Before storing vectors in a hash data type, vectors need to be converted into a format that Memorystore for Valkey understands. It requires vector serialization into binary blobs where the size equals the data type's byte size (e.g., 4 for FLOAT32) multiplied by the vector's number of dimensions. A popular choice for numerical vectors is the Python NumPy library:

Connect to Memorystore for Valkey

Before storing the vector in a hash, establish a connection to your Memorystore for Valkey instance using a OSS Redis compatible client like redis-py:

Store the vector in a hash

Hashes are like dictionaries, with key-value pairs. Use the HSET command to store your serialized vector:

import numpy as np
import redis

# Sample vector
vector = np.array([1.2, 3.5, -0.8], dtype=np.float32) # 3-dimensional vector

# Serialize to a binary blob
serialized_vector = vector.tobytes()

redis_client = redis.cluster.RedisCluster(host='your_server_host', port=6379)

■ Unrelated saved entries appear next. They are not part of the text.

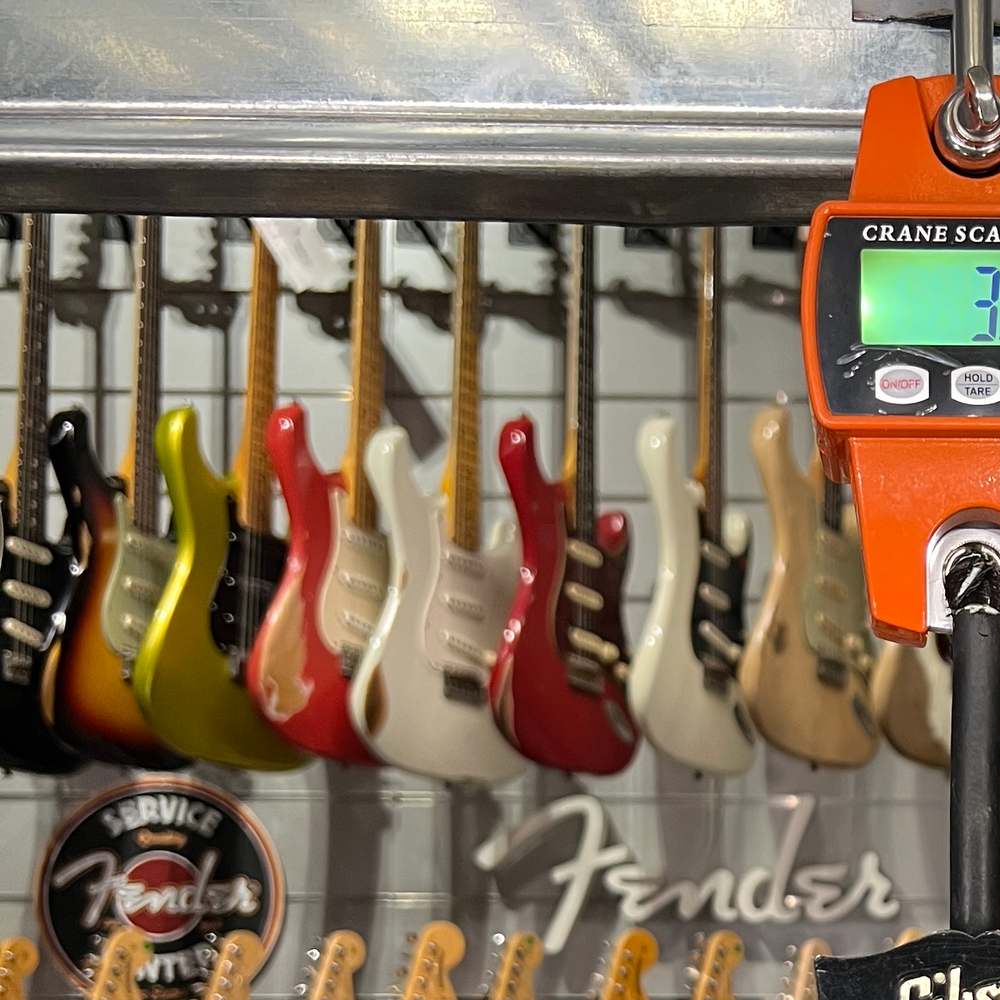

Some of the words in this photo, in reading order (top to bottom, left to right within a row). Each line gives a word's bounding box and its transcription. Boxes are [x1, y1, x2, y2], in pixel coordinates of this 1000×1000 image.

[862, 224, 948, 244] CRANE
[880, 378, 921, 391] ON/OFF
[963, 372, 993, 384] HOLD
[963, 386, 992, 397] TARE
[101, 794, 223, 839] SERVICE
[474, 792, 900, 955] Fender
[53, 849, 262, 929] Fender
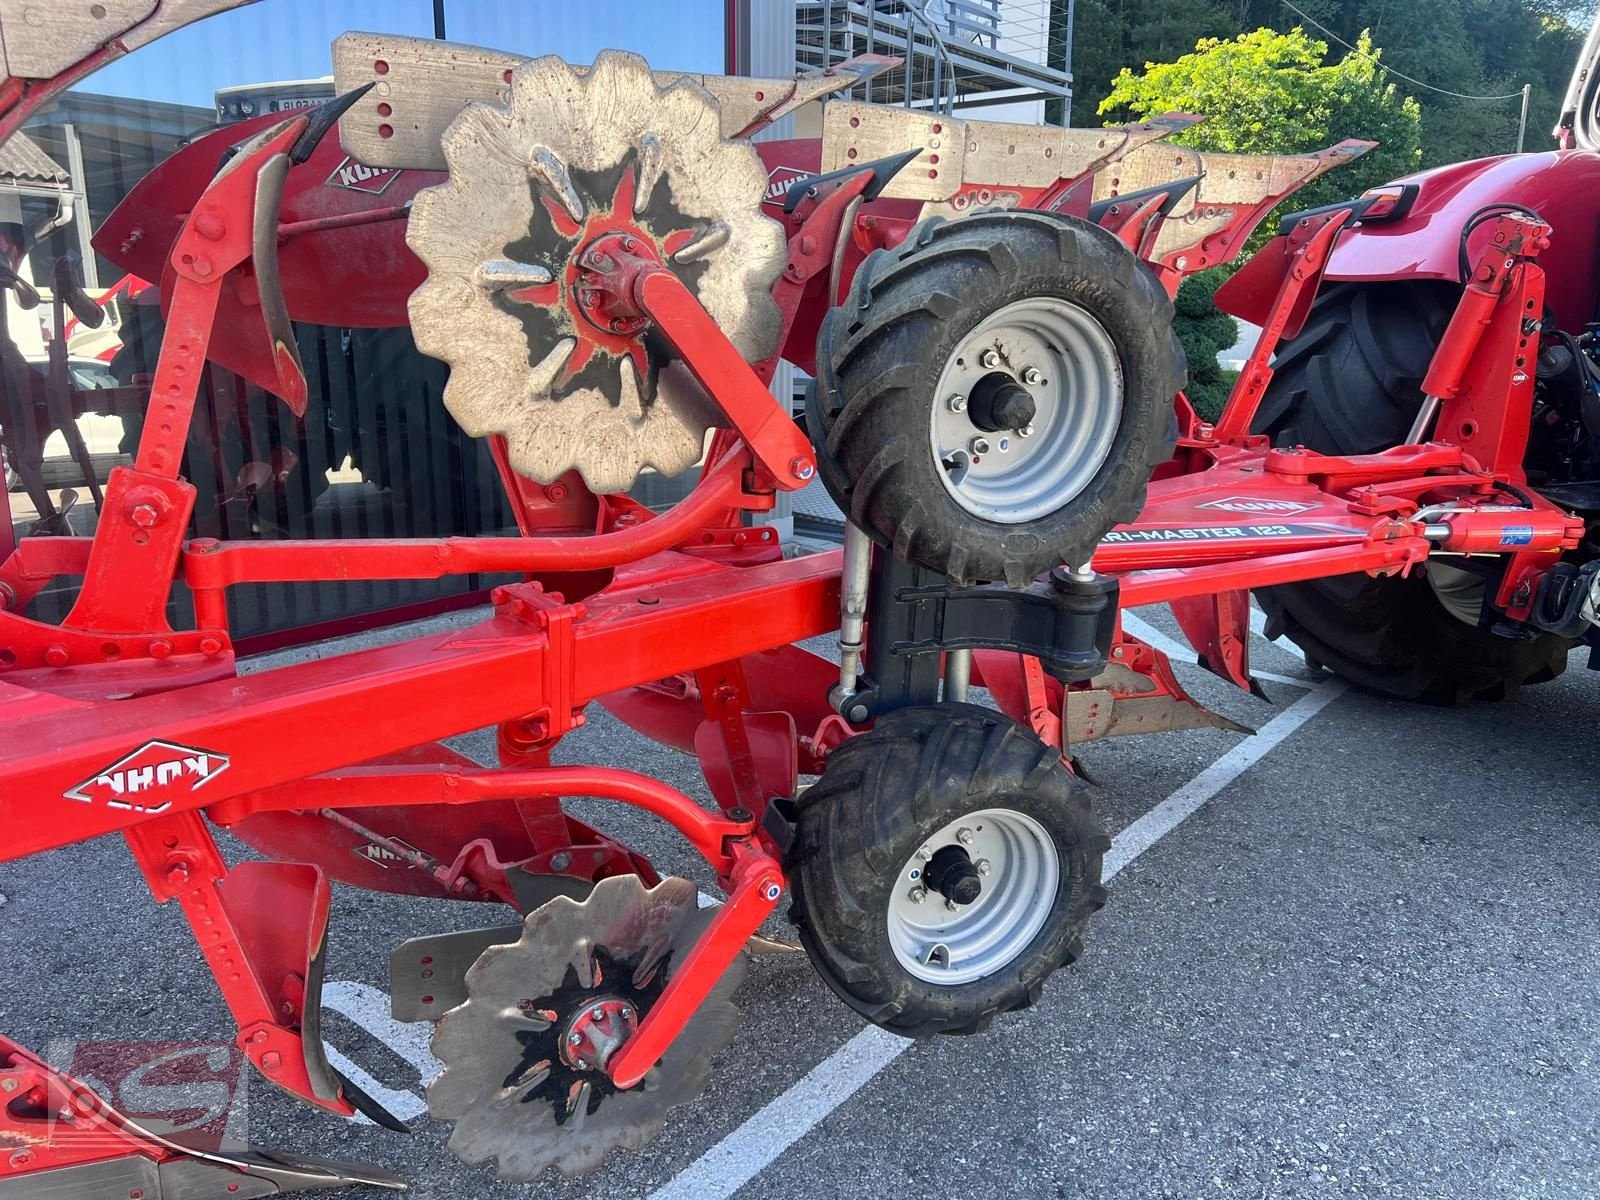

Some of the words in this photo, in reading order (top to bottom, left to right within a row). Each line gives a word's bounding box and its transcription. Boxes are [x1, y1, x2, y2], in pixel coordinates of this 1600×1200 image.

[340, 163, 394, 186] KU
[1101, 527, 1248, 542] RI-MASTER
[1249, 525, 1292, 536] 123
[97, 754, 209, 795] KUHN
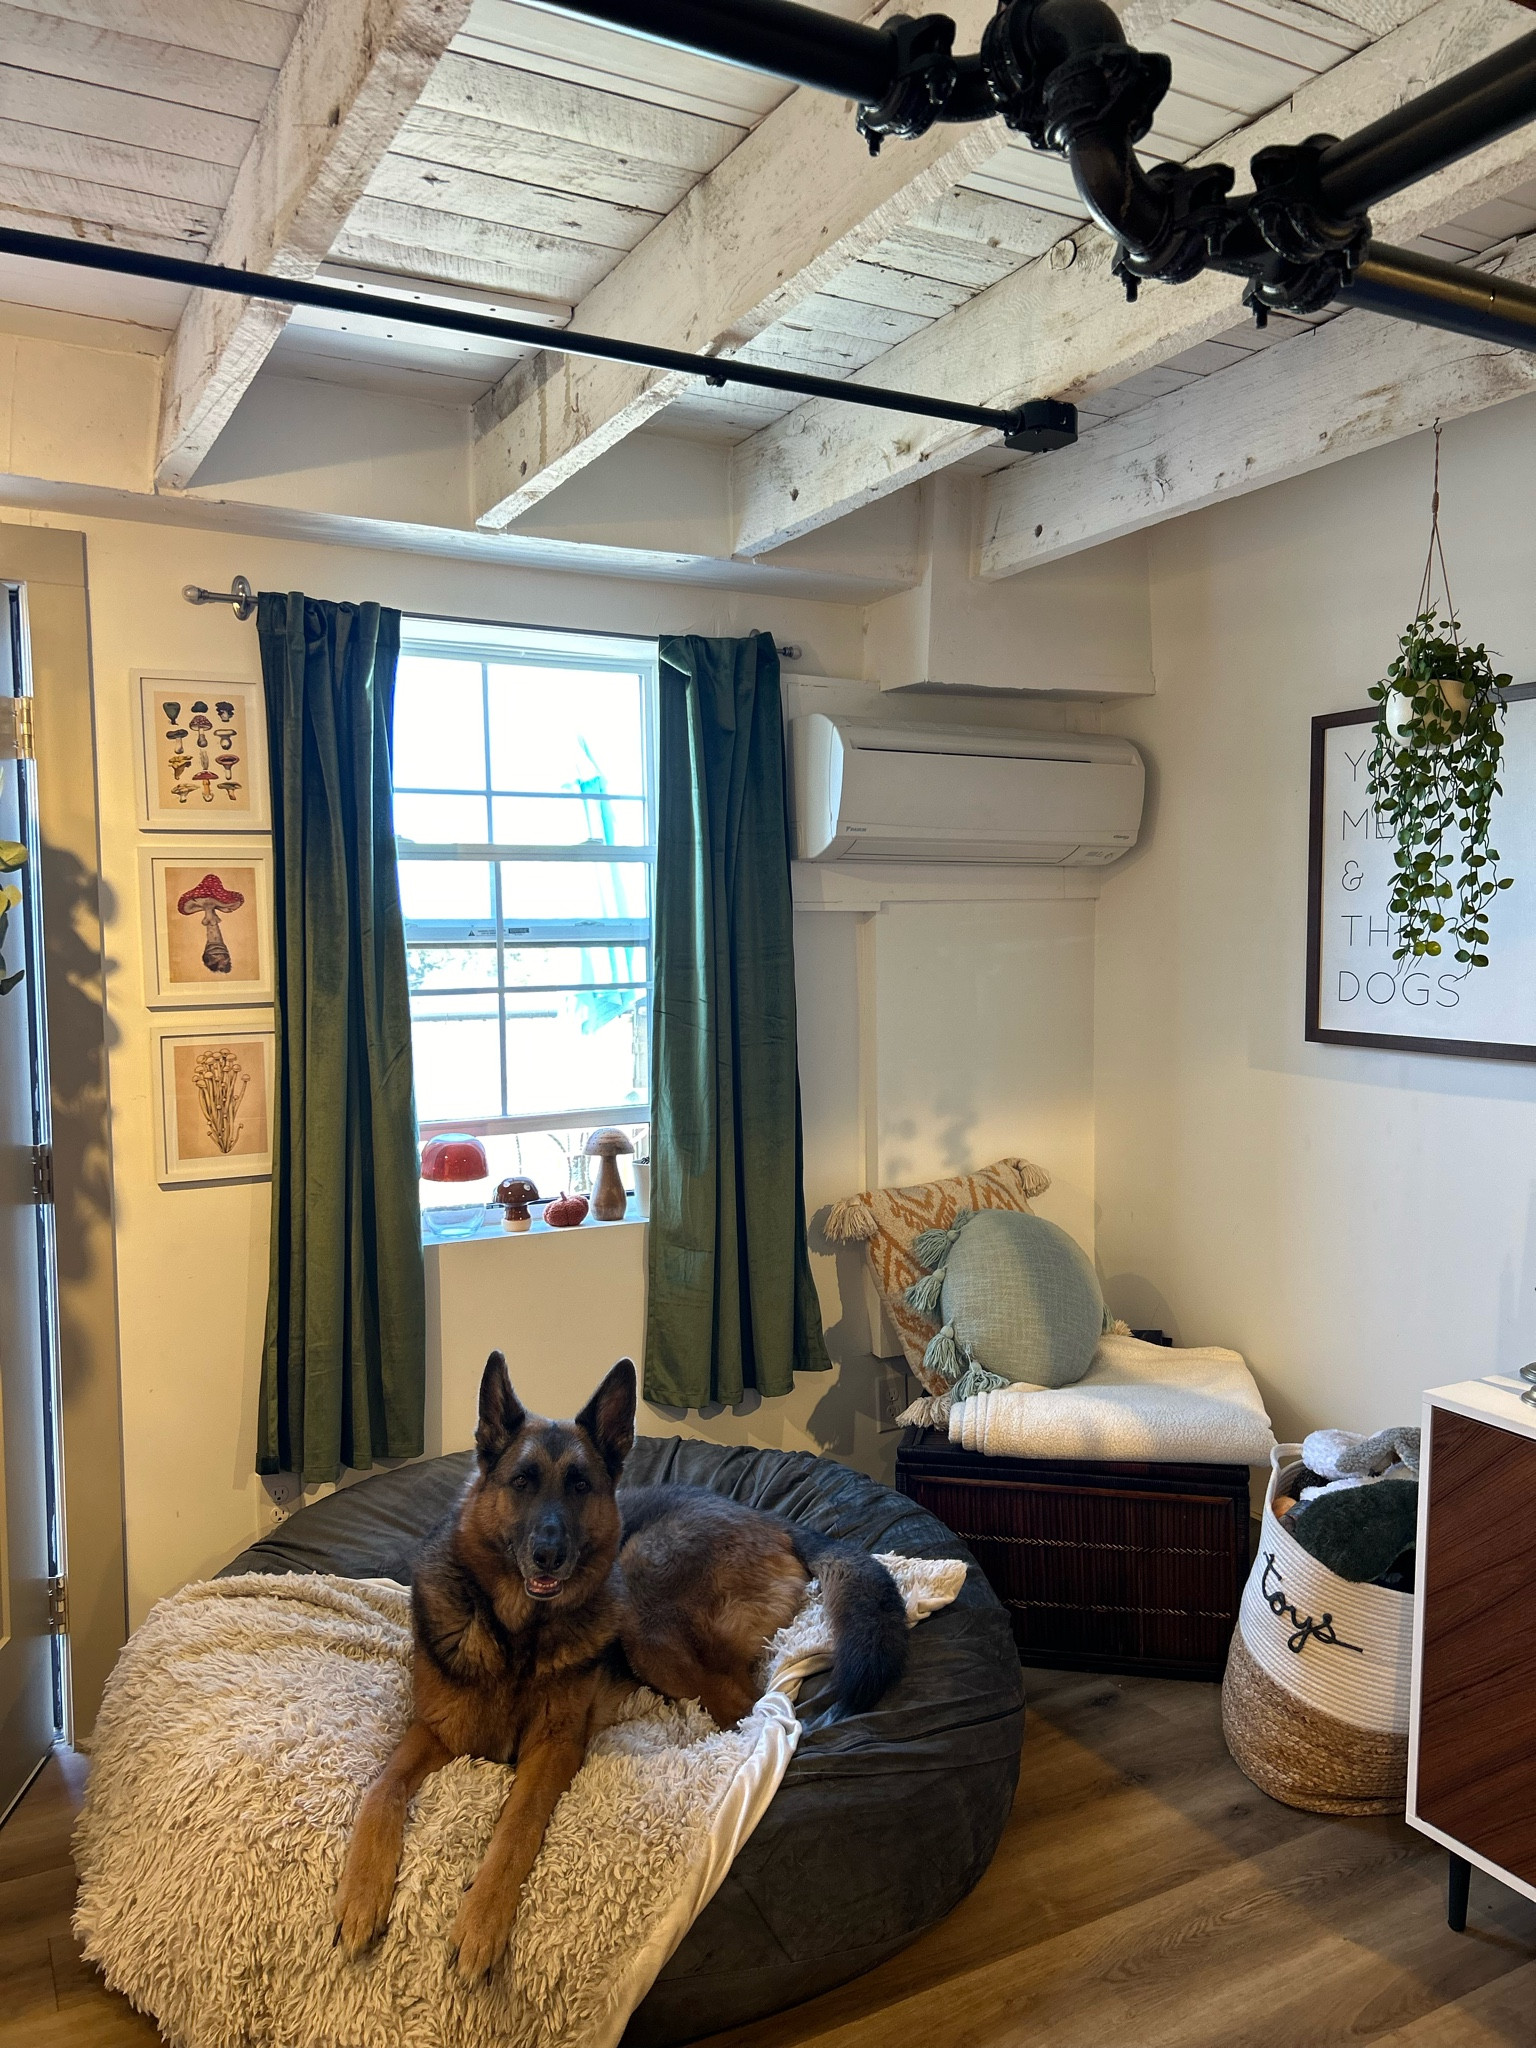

redis_client.hset('vector_storage', 'vector_key', serialized_vector)  # 'vector_key' is a unique identifier
  • For successful indexing, your vector data must adhere to the dimensions and data type set in the index schema.

Backfilling Indexes

Backfilling indexes may occur in one of the following scenarios:

  • Once an index is created, the backfilling procedure scans through keyspace for entries that meet the index filter criteria.
  • Vector indexes and their data are persisted in RDB snapshots. When an RDB file is loaded, an automatic index backfilling process is triggered. This process actively detects and integrates any new or modified entries into the index since the RDB snapshot was created, maintaining index integrity and ensuring current results.